+++ Data to use +++

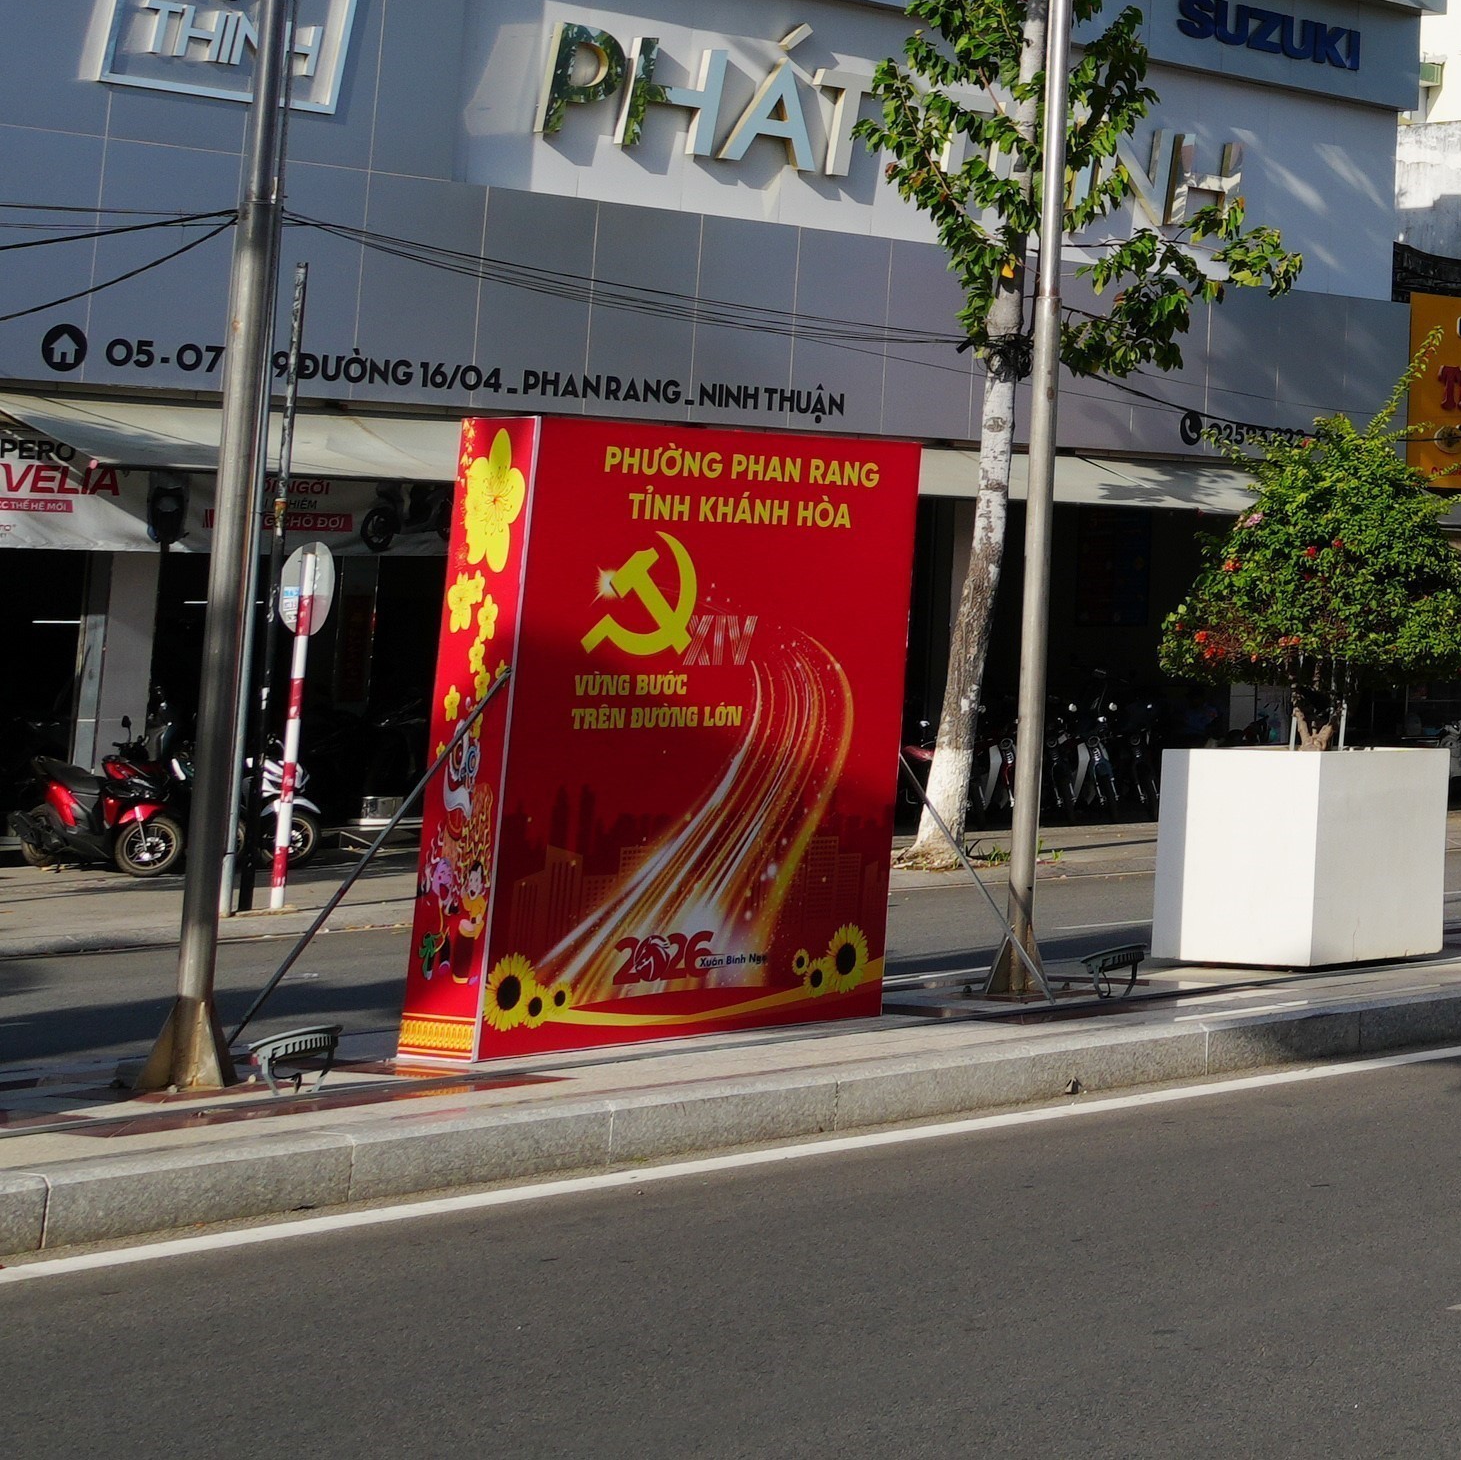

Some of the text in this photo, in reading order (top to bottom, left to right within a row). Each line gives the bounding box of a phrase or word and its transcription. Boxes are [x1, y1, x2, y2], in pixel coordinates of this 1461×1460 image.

[533, 22, 885, 177] PHÁT
[106, 339, 845, 423] 05 07 ĐƯỜNG 16/04 PHAN RANG NINH THUẬN
[0, 463, 120, 496] VELIA
[604, 443, 880, 488] PHƯỜNG PHAN RANG
[629, 484, 852, 529] TỈNH KHÁNH HÒA
[682, 615, 758, 666] XIV
[635, 670, 688, 696] BƯỚC
[571, 702, 743, 730] TRÊN ĐƯỜNG LỚN
[612, 930, 714, 986] 2026

+++

Drop the pictures and reproduce the rest of the data above exactly.

• [Task solution]:
Some of the text in this photo, in reading order (top to bottom, left to right within a row). Each line gives the bounding box of a phrase or word and its transcription. Boxes are [x1, y1, x2, y2], in pixel coordinates of this 1461×1460 image.

[533, 22, 885, 177] PHÁT
[106, 339, 845, 423] 05 07 ĐƯỜNG 16/04 PHAN RANG NINH THUẬN
[0, 463, 120, 496] VELIA
[604, 443, 880, 488] PHƯỜNG PHAN RANG
[629, 484, 852, 529] TỈNH KHÁNH HÒA
[682, 615, 758, 666] XIV
[635, 670, 688, 696] BƯỚC
[571, 702, 743, 730] TRÊN ĐƯỜNG LỚN
[612, 930, 714, 986] 2026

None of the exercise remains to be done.